Data to process ->
- - - - -
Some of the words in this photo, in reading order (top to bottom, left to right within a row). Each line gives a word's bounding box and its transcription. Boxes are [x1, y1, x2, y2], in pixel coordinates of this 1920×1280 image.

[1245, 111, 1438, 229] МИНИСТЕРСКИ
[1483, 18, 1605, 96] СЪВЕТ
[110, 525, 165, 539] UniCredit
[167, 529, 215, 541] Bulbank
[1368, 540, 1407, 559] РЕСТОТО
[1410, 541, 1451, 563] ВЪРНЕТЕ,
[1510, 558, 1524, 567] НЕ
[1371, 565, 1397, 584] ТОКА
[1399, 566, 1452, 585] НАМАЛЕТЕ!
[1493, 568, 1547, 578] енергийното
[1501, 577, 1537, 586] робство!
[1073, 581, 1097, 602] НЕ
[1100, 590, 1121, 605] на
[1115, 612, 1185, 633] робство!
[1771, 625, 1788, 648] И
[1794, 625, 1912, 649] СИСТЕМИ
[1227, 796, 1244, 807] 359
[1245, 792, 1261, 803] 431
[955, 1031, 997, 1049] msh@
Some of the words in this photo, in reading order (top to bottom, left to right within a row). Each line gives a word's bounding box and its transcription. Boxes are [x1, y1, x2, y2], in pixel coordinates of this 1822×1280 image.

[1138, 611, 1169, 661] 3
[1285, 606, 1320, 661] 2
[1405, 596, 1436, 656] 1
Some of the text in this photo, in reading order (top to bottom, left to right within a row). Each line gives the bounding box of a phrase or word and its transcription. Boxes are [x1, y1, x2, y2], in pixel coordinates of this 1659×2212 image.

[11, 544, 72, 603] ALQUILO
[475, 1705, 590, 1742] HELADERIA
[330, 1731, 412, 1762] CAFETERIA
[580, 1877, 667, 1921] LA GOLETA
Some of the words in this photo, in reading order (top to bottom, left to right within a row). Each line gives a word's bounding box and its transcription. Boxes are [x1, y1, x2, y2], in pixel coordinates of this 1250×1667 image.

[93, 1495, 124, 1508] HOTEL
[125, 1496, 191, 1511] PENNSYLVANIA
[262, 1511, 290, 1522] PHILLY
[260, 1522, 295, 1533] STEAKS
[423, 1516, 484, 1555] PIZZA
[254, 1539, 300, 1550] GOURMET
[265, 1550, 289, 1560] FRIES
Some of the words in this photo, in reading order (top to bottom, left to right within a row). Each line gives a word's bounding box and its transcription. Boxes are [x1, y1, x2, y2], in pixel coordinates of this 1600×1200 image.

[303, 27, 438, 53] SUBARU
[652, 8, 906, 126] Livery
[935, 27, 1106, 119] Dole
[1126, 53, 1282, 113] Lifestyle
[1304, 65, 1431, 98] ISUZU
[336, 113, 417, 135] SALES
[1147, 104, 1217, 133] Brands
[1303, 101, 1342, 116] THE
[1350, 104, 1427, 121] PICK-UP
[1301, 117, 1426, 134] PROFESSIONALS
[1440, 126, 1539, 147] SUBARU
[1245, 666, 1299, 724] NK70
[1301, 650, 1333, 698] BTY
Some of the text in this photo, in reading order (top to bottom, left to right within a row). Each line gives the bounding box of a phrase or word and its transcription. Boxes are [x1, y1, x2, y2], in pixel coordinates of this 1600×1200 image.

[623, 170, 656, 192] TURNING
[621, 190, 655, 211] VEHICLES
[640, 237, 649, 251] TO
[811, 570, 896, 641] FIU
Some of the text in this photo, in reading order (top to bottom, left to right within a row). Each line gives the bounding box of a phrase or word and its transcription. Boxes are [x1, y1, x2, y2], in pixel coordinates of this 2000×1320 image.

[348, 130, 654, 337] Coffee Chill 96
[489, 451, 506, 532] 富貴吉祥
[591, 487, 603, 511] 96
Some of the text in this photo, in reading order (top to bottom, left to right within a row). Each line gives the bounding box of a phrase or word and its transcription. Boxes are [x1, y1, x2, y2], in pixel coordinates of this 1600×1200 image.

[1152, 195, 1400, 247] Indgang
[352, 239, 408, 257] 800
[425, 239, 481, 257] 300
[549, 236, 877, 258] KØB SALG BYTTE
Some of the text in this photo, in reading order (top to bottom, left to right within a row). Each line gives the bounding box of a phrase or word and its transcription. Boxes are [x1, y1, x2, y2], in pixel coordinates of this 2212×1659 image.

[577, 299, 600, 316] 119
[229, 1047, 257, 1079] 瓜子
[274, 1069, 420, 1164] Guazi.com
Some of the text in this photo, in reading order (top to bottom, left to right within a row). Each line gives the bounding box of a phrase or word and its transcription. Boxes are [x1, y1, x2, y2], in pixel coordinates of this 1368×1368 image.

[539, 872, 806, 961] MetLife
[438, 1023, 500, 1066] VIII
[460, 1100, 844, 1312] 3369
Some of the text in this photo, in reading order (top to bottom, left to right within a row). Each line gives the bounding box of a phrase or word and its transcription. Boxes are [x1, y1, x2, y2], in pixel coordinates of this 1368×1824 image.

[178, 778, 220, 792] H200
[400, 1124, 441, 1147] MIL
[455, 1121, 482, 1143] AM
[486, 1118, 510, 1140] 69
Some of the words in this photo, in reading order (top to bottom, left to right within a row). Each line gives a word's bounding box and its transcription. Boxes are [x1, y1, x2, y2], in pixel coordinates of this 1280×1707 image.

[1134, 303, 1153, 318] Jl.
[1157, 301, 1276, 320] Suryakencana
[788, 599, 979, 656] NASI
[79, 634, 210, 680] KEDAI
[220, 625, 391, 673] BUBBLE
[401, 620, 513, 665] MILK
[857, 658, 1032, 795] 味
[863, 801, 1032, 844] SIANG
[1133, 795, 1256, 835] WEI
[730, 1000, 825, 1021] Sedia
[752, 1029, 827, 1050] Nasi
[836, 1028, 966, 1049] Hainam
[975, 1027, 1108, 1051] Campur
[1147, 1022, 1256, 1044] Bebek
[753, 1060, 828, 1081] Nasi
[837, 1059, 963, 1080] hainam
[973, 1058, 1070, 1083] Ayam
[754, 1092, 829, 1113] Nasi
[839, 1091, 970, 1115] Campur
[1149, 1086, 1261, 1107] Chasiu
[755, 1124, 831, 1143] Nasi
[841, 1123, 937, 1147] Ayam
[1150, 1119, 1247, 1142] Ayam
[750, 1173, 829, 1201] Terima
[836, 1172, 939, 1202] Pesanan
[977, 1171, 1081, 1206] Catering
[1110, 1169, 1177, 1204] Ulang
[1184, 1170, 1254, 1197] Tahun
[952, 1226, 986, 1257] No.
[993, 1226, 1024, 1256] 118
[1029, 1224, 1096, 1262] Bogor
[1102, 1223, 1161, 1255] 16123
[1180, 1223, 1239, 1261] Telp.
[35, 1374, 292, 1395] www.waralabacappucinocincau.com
- - - - -
Problem description -> In full and without alteration, return the listing above.

Answer ->
Some of the words in this photo, in reading order (top to bottom, left to right within a row). Each line gives a word's bounding box and its transcription. Boxes are [x1, y1, x2, y2], in pixel coordinates of this 1920×1280 image.

[1245, 111, 1438, 229] МИНИСТЕРСКИ
[1483, 18, 1605, 96] СЪВЕТ
[110, 525, 165, 539] UniCredit
[167, 529, 215, 541] Bulbank
[1368, 540, 1407, 559] РЕСТОТО
[1410, 541, 1451, 563] ВЪРНЕТЕ,
[1510, 558, 1524, 567] НЕ
[1371, 565, 1397, 584] ТОКА
[1399, 566, 1452, 585] НАМАЛЕТЕ!
[1493, 568, 1547, 578] енергийното
[1501, 577, 1537, 586] робство!
[1073, 581, 1097, 602] НЕ
[1100, 590, 1121, 605] на
[1115, 612, 1185, 633] робство!
[1771, 625, 1788, 648] И
[1794, 625, 1912, 649] СИСТЕМИ
[1227, 796, 1244, 807] 359
[1245, 792, 1261, 803] 431
[955, 1031, 997, 1049] msh@
Some of the words in this photo, in reading order (top to bottom, left to right within a row). Each line gives a word's bounding box and its transcription. Boxes are [x1, y1, x2, y2], in pixel coordinates of this 1822×1280 image.

[1138, 611, 1169, 661] 3
[1285, 606, 1320, 661] 2
[1405, 596, 1436, 656] 1
Some of the text in this photo, in reading order (top to bottom, left to right within a row). Each line gives the bounding box of a phrase or word and its transcription. Boxes are [x1, y1, x2, y2], in pixel coordinates of this 1659×2212 image.

[11, 544, 72, 603] ALQUILO
[475, 1705, 590, 1742] HELADERIA
[330, 1731, 412, 1762] CAFETERIA
[580, 1877, 667, 1921] LA GOLETA
Some of the words in this photo, in reading order (top to bottom, left to right within a row). Each line gives a word's bounding box and its transcription. Boxes are [x1, y1, x2, y2], in pixel coordinates of this 1250×1667 image.

[93, 1495, 124, 1508] HOTEL
[125, 1496, 191, 1511] PENNSYLVANIA
[262, 1511, 290, 1522] PHILLY
[260, 1522, 295, 1533] STEAKS
[423, 1516, 484, 1555] PIZZA
[254, 1539, 300, 1550] GOURMET
[265, 1550, 289, 1560] FRIES
Some of the words in this photo, in reading order (top to bottom, left to right within a row). Each line gives a word's bounding box and its transcription. Boxes are [x1, y1, x2, y2], in pixel coordinates of this 1600×1200 image.

[303, 27, 438, 53] SUBARU
[652, 8, 906, 126] Livery
[935, 27, 1106, 119] Dole
[1126, 53, 1282, 113] Lifestyle
[1304, 65, 1431, 98] ISUZU
[336, 113, 417, 135] SALES
[1147, 104, 1217, 133] Brands
[1303, 101, 1342, 116] THE
[1350, 104, 1427, 121] PICK-UP
[1301, 117, 1426, 134] PROFESSIONALS
[1440, 126, 1539, 147] SUBARU
[1245, 666, 1299, 724] NK70
[1301, 650, 1333, 698] BTY
Some of the text in this photo, in reading order (top to bottom, left to right within a row). Each line gives the bounding box of a phrase or word and its transcription. Boxes are [x1, y1, x2, y2], in pixel coordinates of this 1600×1200 image.

[623, 170, 656, 192] TURNING
[621, 190, 655, 211] VEHICLES
[640, 237, 649, 251] TO
[811, 570, 896, 641] FIU
Some of the text in this photo, in reading order (top to bottom, left to right within a row). Each line gives the bounding box of a phrase or word and its transcription. Boxes are [x1, y1, x2, y2], in pixel coordinates of this 2000×1320 image.

[348, 130, 654, 337] Coffee Chill 96
[489, 451, 506, 532] 富貴吉祥
[591, 487, 603, 511] 96
Some of the text in this photo, in reading order (top to bottom, left to right within a row). Each line gives the bounding box of a phrase or word and its transcription. Boxes are [x1, y1, x2, y2], in pixel coordinates of this 1600×1200 image.

[1152, 195, 1400, 247] Indgang
[352, 239, 408, 257] 800
[425, 239, 481, 257] 300
[549, 236, 877, 258] KØB SALG BYTTE
Some of the text in this photo, in reading order (top to bottom, left to right within a row). Each line gives the bounding box of a phrase or word and its transcription. Boxes are [x1, y1, x2, y2], in pixel coordinates of this 2212×1659 image.

[577, 299, 600, 316] 119
[229, 1047, 257, 1079] 瓜子
[274, 1069, 420, 1164] Guazi.com
Some of the text in this photo, in reading order (top to bottom, left to right within a row). Each line gives the bounding box of a phrase or word and its transcription. Boxes are [x1, y1, x2, y2], in pixel coordinates of this 1368×1368 image.

[539, 872, 806, 961] MetLife
[438, 1023, 500, 1066] VIII
[460, 1100, 844, 1312] 3369
Some of the text in this photo, in reading order (top to bottom, left to right within a row). Each line gives the bounding box of a phrase or word and its transcription. Boxes are [x1, y1, x2, y2], in pixel coordinates of this 1368×1824 image.

[178, 778, 220, 792] H200
[400, 1124, 441, 1147] MIL
[455, 1121, 482, 1143] AM
[486, 1118, 510, 1140] 69
Some of the words in this photo, in reading order (top to bottom, left to right within a row). Each line gives a word's bounding box and its transcription. Boxes are [x1, y1, x2, y2], in pixel coordinates of this 1280×1707 image.

[1134, 303, 1153, 318] Jl.
[1157, 301, 1276, 320] Suryakencana
[788, 599, 979, 656] NASI
[79, 634, 210, 680] KEDAI
[220, 625, 391, 673] BUBBLE
[401, 620, 513, 665] MILK
[857, 658, 1032, 795] 味
[863, 801, 1032, 844] SIANG
[1133, 795, 1256, 835] WEI
[730, 1000, 825, 1021] Sedia
[752, 1029, 827, 1050] Nasi
[836, 1028, 966, 1049] Hainam
[975, 1027, 1108, 1051] Campur
[1147, 1022, 1256, 1044] Bebek
[753, 1060, 828, 1081] Nasi
[837, 1059, 963, 1080] hainam
[973, 1058, 1070, 1083] Ayam
[754, 1092, 829, 1113] Nasi
[839, 1091, 970, 1115] Campur
[1149, 1086, 1261, 1107] Chasiu
[755, 1124, 831, 1143] Nasi
[841, 1123, 937, 1147] Ayam
[1150, 1119, 1247, 1142] Ayam
[750, 1173, 829, 1201] Terima
[836, 1172, 939, 1202] Pesanan
[977, 1171, 1081, 1206] Catering
[1110, 1169, 1177, 1204] Ulang
[1184, 1170, 1254, 1197] Tahun
[952, 1226, 986, 1257] No.
[993, 1226, 1024, 1256] 118
[1029, 1224, 1096, 1262] Bogor
[1102, 1223, 1161, 1255] 16123
[1180, 1223, 1239, 1261] Telp.
[35, 1374, 292, 1395] www.waralabacappucinocincau.com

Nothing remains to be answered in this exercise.